2007 04 29

The package e1071 for R is an interesting add on to your list of R packages. It includes functions for latent class analysis, short time Fourier transform, fuzzy clustering, support vector machines, shortest path computation, bagged clustering, naive Bayes classifier, independent component analysis, and more.

2007 04 24

There are, at least :), two ways to compute the principal component analysis of a data set in R. The first one is from scratch computing eigenvectors and eigenvalues. It works as follows

#
# From scratch
#
cbind(1:10,1:10 + 0.25*rnorm(10)) -> myData
myData - apply(myData,2,mean) -> myDataZM
cov(myDataZM) -> cvm
eigen(cvm,TRUE) -> eCvm
t(eCvm$vector%*%t(myDataZM)) -> newMyData

This simple code just transforms the data to align it with the principal components obtained.
Of couse, the second way to compute them is using some of the functions that R provides in the stats package.


#
# Using the stats package
#
cbind(1:10,1:10 + 0.25*rnorm(10)) -> myData
myData - apply(myData,2,mean) -> myDataZM
prcomp(myData) -> pcaMyData
t(pcaMyData[[2]]%*%t(myDataZM)) -> newMyData

2007 04 23

I have been running into some problems with a feed generator I am using (yes, it is the one in WordPress MU, long story). However I found a useful tool, an on-line feed validator for Atom and RSS.

2007 04 20

Need one? Check Eclipse.

2007 04 18

Ben Shneiderman is visiting UIUC today. I am sitting at his talk “The Thrill of Discovery” at room 1040 NCSA. If you miss this one he will be at 126 GSLIS this afternoon at 3pm  given another talk Accelerating Discovery and Innovation: Designing Creativity Support Tools”. His opening today:

This talk will start by reviewing the growing commercial success stories such as www.spotfire.com, www.smartmoney.com/marketmap and www.hivegroup.com. Then it will cover recent research progress for visual exploration of large time series data applied to financial, Ebay auction, and genomic data (www.cs.umd.edu/hcil/timesearcher).

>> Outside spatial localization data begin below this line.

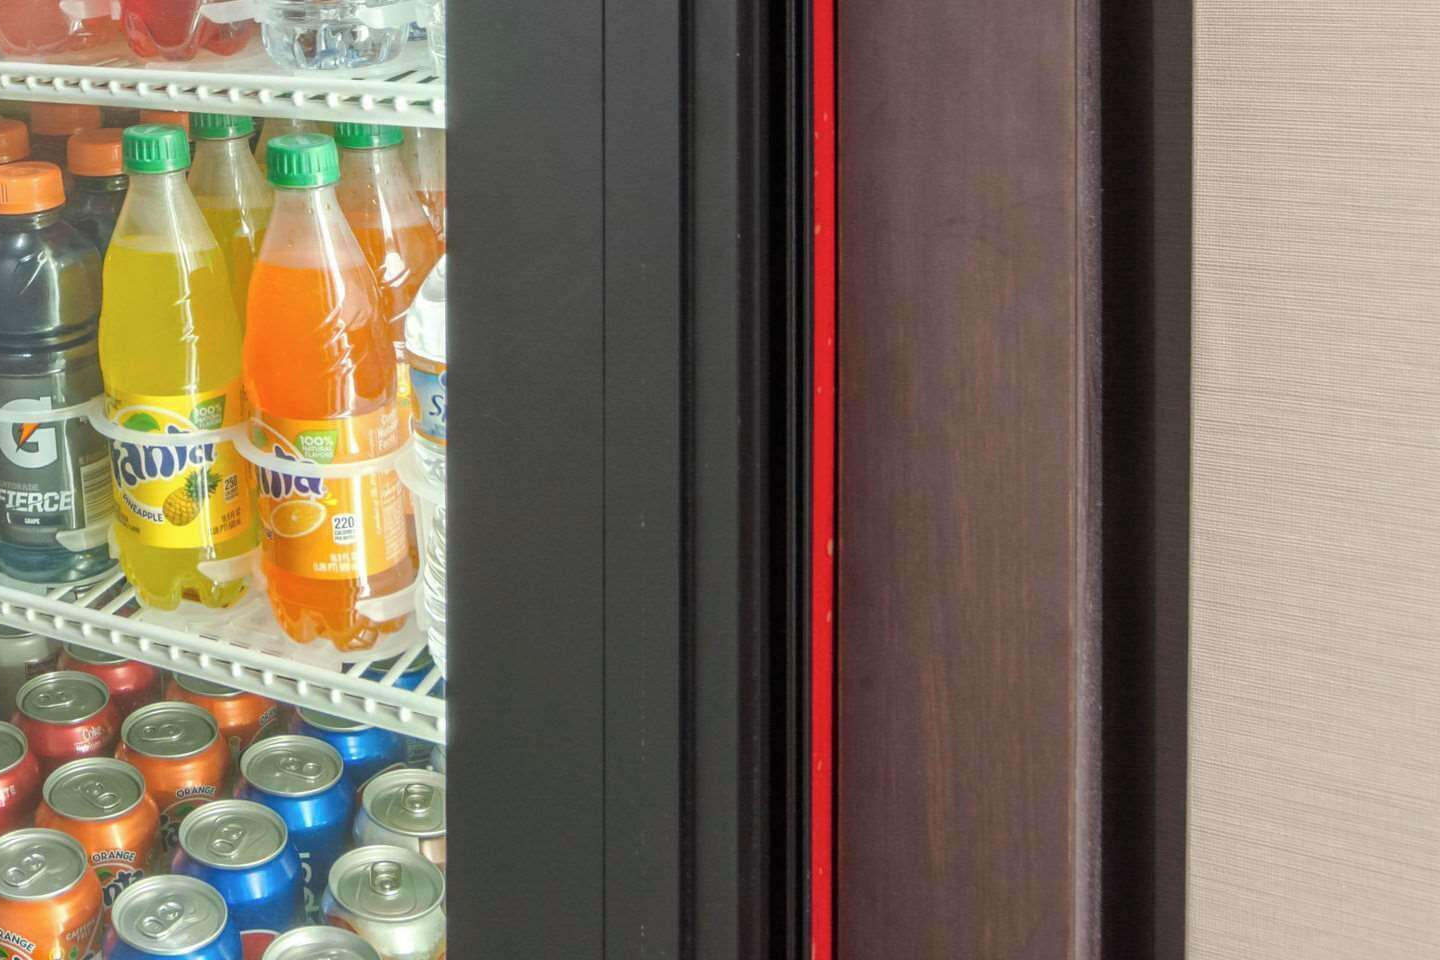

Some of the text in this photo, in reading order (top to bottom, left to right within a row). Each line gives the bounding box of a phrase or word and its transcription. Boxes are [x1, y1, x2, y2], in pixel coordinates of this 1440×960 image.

[299, 433, 335, 446] 100%
[24, 517, 41, 525] GRAPE
[333, 516, 355, 529] 220
[176, 786, 217, 799] ORANGE
[92, 849, 137, 863] ORANGE
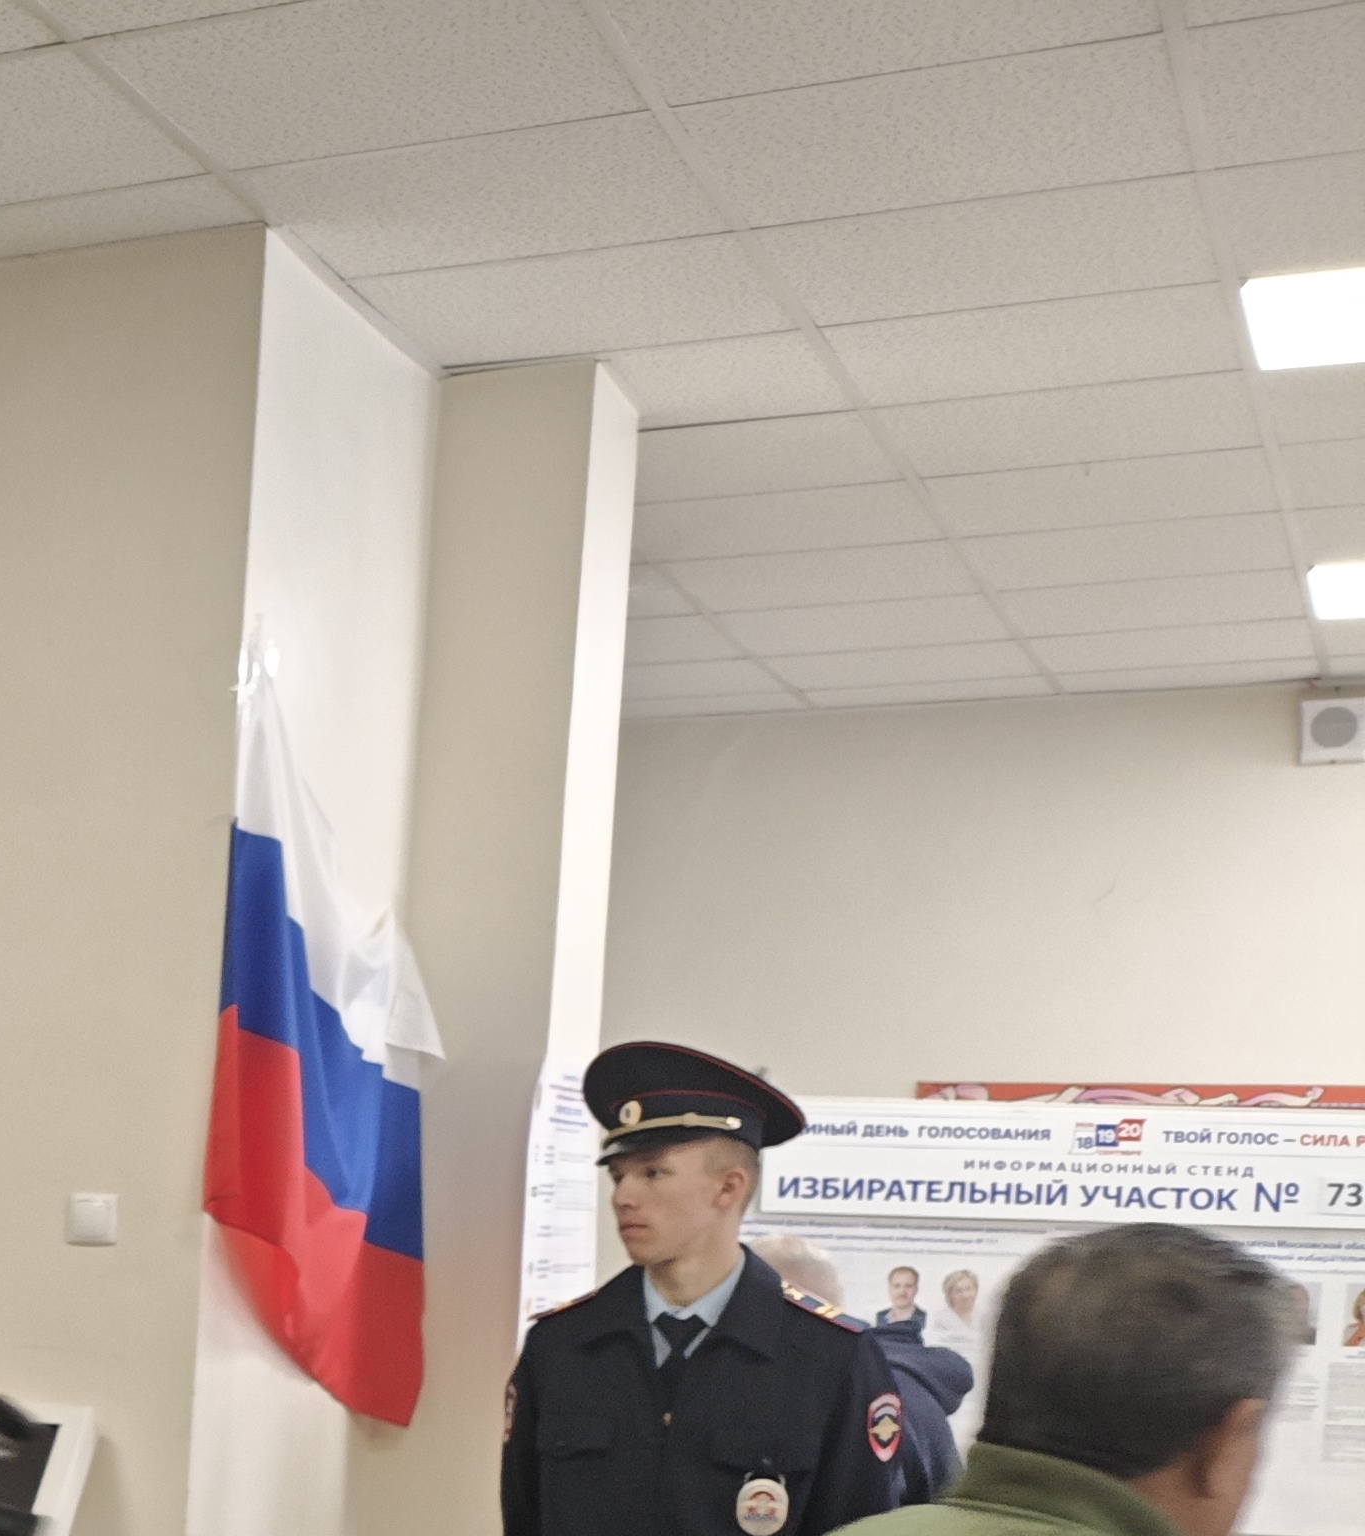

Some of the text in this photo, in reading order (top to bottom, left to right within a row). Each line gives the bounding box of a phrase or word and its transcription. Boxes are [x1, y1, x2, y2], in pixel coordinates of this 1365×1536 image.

[804, 1120, 1052, 1141] ИНЫЙ ДЕНЬ ГОЛОСОВАНИЯ
[1097, 1128, 1116, 1144] 19
[1118, 1122, 1141, 1138] 20
[1162, 1128, 1212, 1144] ТВОЙ
[1218, 1131, 1279, 1146] ГОЛОС
[1299, 1133, 1351, 1147] СИЛА
[963, 1159, 1255, 1178] ИНФОРМАЦИОННЫЙ СТЕНД
[778, 1176, 1363, 1213] ИЗБИРАТЕЛЬНЫЙ УЧАСТОК № 73

After a set of demos he also introduced, the Many Eyes project for visualization sharing and exploration. And following it, some Tree Map Viz for the stock market to plot the current situation of the stock market. The same tree map viz is also used to visualize some data provided by the music billboard. All assuming you have 2 attributes (color and size), then the tree map can render nicely (for instance color = topic and size = number of news released on the topic).

Some more examples of the visualization of time series. The interesting point is to help navigation, but also, how can relevant patterns can be identified. More interestingly, the challenges to have fast visual queries requires fast sweeping stores to be able to get the stored information. Moreover, identifying features can be done automatically, but assessing which of those are intereresting is left to human interpretation.

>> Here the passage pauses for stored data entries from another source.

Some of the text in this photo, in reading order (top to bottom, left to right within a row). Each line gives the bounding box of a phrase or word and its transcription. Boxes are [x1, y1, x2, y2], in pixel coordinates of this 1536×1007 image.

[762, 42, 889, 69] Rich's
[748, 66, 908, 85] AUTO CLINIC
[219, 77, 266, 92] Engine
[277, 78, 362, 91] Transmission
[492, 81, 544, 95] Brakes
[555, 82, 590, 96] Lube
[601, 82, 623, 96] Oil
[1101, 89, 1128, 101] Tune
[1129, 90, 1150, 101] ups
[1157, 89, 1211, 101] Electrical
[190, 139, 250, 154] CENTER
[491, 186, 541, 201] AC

Some forms of analysis can greatly benefit from a proper visualization of the results. For instance, color coloring low dimension projections of high dimensional data helps to reveal patterns easy identifiable by the human eye. The bottom line, such visualizations blend analysis and users together to boost the ability to identify relevant/interesting.

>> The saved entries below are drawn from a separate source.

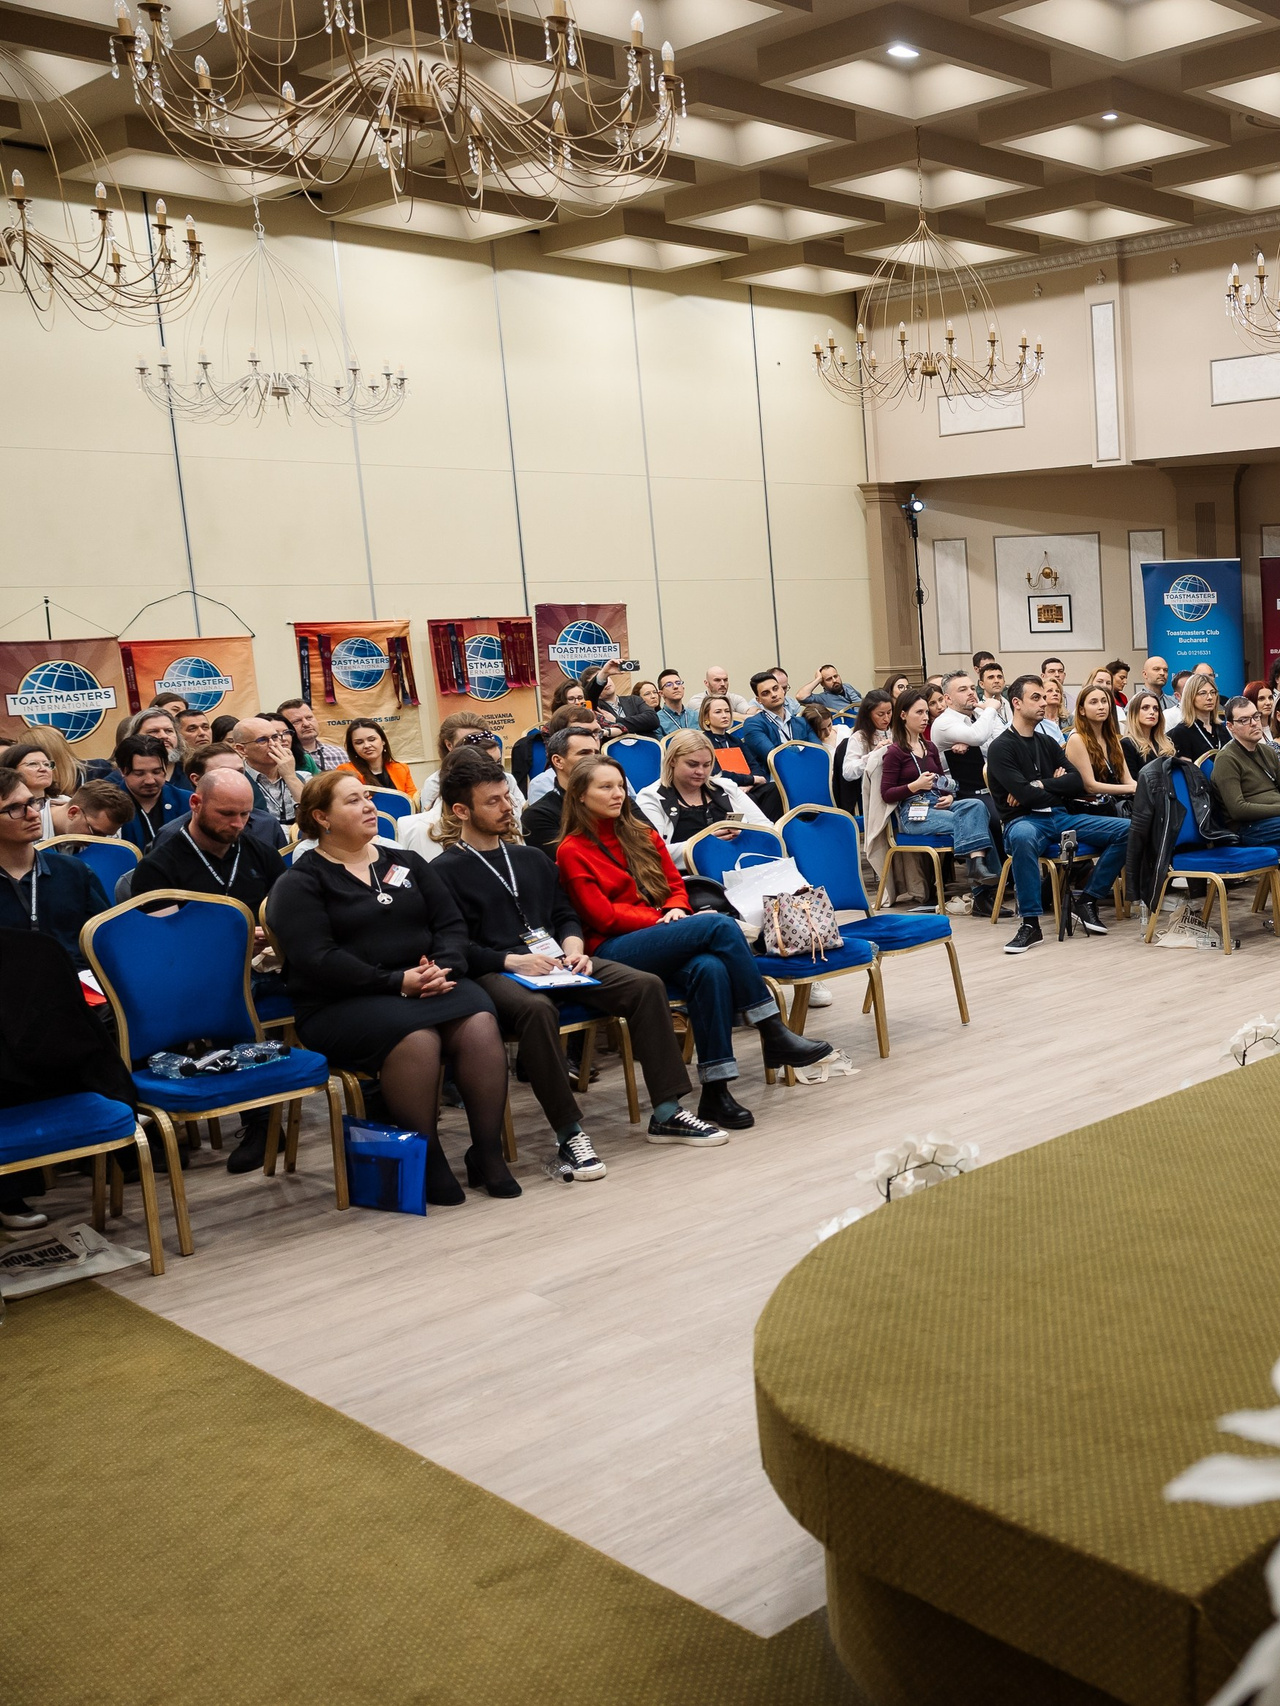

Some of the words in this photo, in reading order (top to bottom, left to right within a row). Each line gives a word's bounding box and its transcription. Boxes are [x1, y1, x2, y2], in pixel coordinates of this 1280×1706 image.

[551, 645, 618, 654] TOASTMASTERS
[331, 658, 390, 666] OASTMASTERS
[468, 661, 504, 670] STMAST
[158, 678, 230, 688] TOASTMASTERS
[10, 690, 112, 706] TOASTMASTERS
[23, 702, 101, 712] INTERNATIONAL
[327, 717, 383, 726] TOASTRS

And to close, how can you validate such elements. Ben’s group took the compelling road. Put people to use it. When they get relevant discoveries, try to publish it on a top conference/journal (or some sort of similar social screening).

To wrap up, a great speaker and a very compelling case for the need/benefits for information visualization techniques. Unfortunately, I cannot attend his afternoon class since it overlaps with the course I am teaching.

2007 04 17

Torsten Horthorn maintains a page with a list of packages for machine learning and statistical learning in R.

2007 04 16

I found a couple of interesting tutorials. One is on principal component analysis by Lindsay I. Smith and the second one is about independent component analysis by Hyvärinen and Oja. Good introductions if that is what you are looking for.

2007 04 14

Last Friday with ALG and DITA people we put a brief presentation for NCSA’s cyberarch group on our common efforts to create a generic framework for querying and visualizing content stored in metadata stores. Mulgara, SOAP, XLSTs, and custom Java code to render content using Prefuse and JFreeChart. You can download the slides here.

2007 04 14

The group was created a while ago to unify the research efforts conducted inside the Automated Learning Group. Michael Welge, Loretta Auvil, and I were sitting in Michael’s office a Monday morning scratching our heads. He generated the initial population, Loretta recombined the ideas, and I just selected what I liked. So, we become Data-Intensive Technologies and Applications :D.